= Bergur Þórisson =

Icelandic musician

Bergur Þórisson (Note: ) (transliterated as Thorisson; born 1993) is an Icelandic musician, composer, and audio engineer. He is one half of the neo-classical post-rock duo Hugar, musical director for Björk, and frequent collaborator of Ólafur Arnalds.

== Career ==
Bergur grew up in Seltjarnarnes and played the trombone. After graduating from Menntaskólinn við Hamrahlíð in 2012, Bergur was accepted into Juilliard but decided not to pursue it. He took one semester of engineering at Reykjavík University. Bergur joined Ólafur Arnalds in writing the music for the 2013 British TV series Broadchurch, for which Ólafur was awarded the BAFTA awards.
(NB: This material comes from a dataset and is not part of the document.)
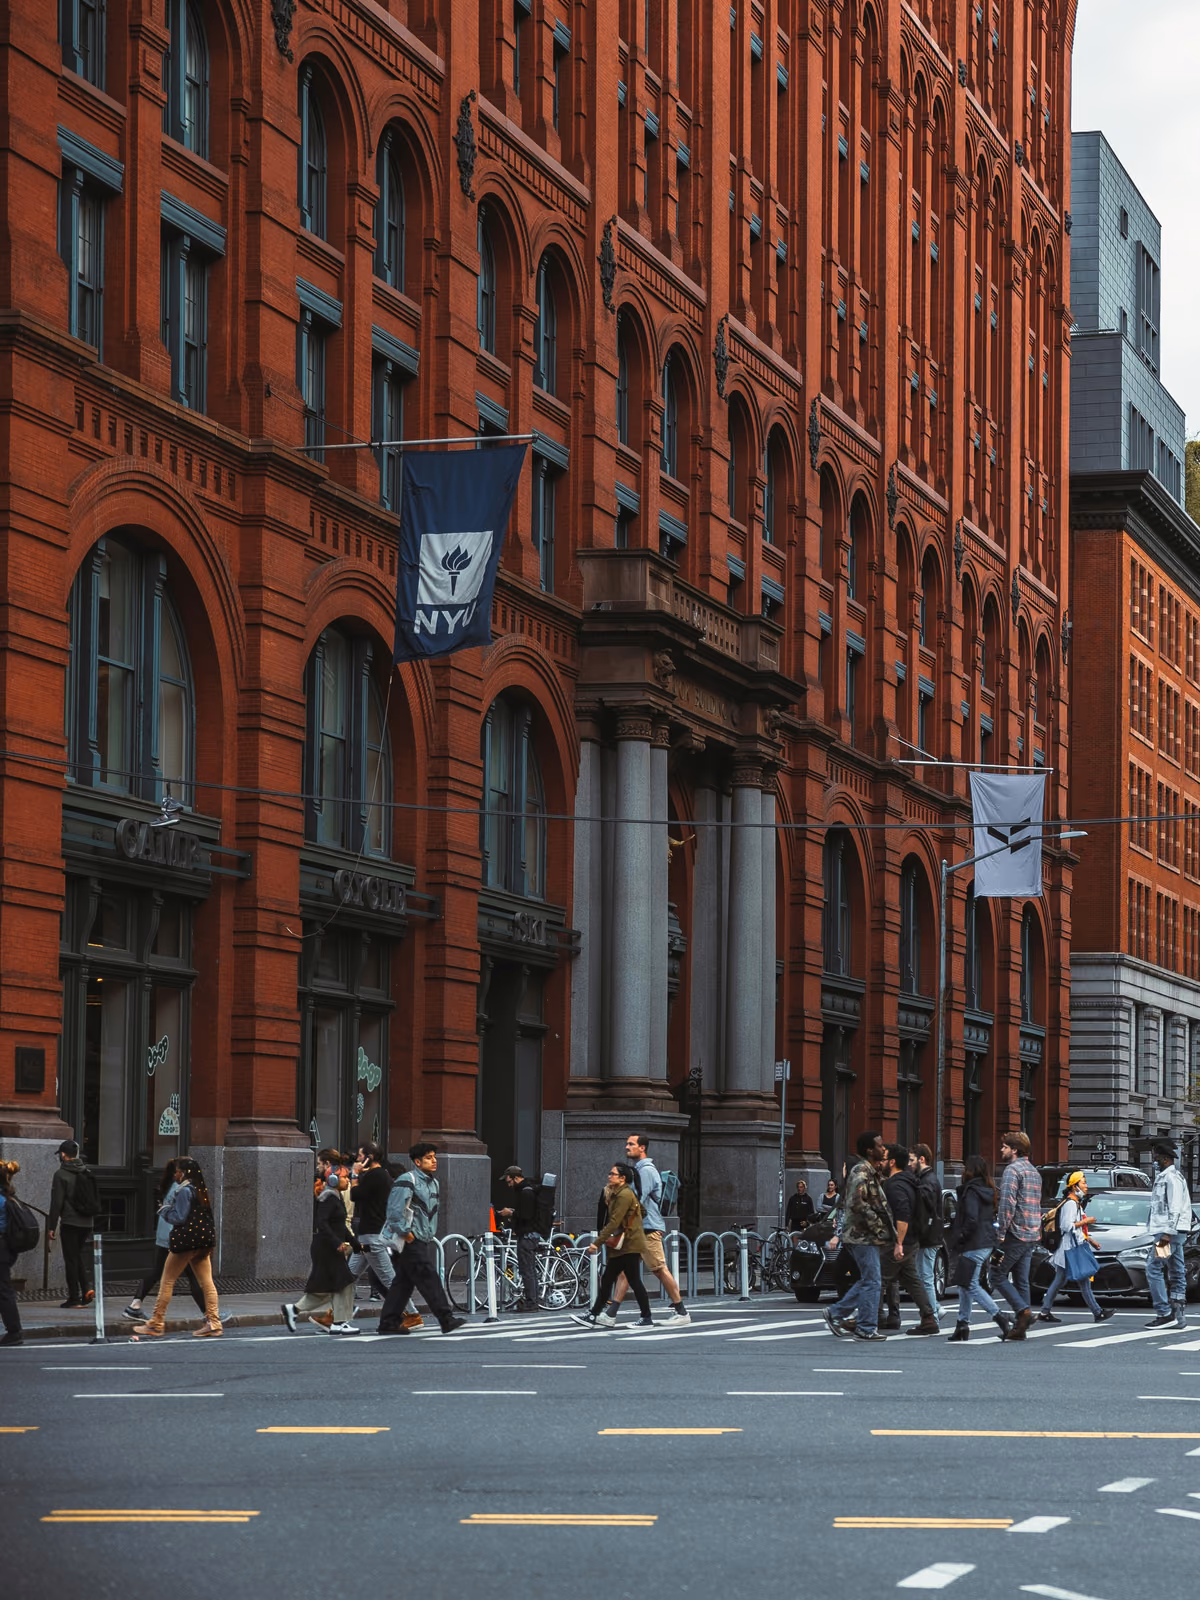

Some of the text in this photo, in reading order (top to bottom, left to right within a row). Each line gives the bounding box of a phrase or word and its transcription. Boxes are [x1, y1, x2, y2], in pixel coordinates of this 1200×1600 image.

Bergur then toured with Ólafur around Europe.

Bergur was the audio engineer on Björk's 2017 Grammy-nominated album, Utopia, and then toured with her on stage on her Cornucopia tour. Other collaborators include Sigur Rós, Jóhann Jóhannsson, and Arnór Dan.

Bergur has a small scale production of microphones he makes by hand.

=== Hugar ===
Bergur started the neo-classical post-rock duo Hugar (meaning "minds") along with his childhood friend Pétur Jónsson in 2012. Their self-titled album was published in 2014 and was given out for free online. They signed with Sony USA and published their second album, Varða, in 2019. The band performed at Iceland Airwaves in 2017, 2018, and 2019. As of 2019 the band has 50 million plays on Spotify.

Bergur and Pétur wrote the score for the 2019 film The Vasulka Effect about artists Steina and Woody Vasulka.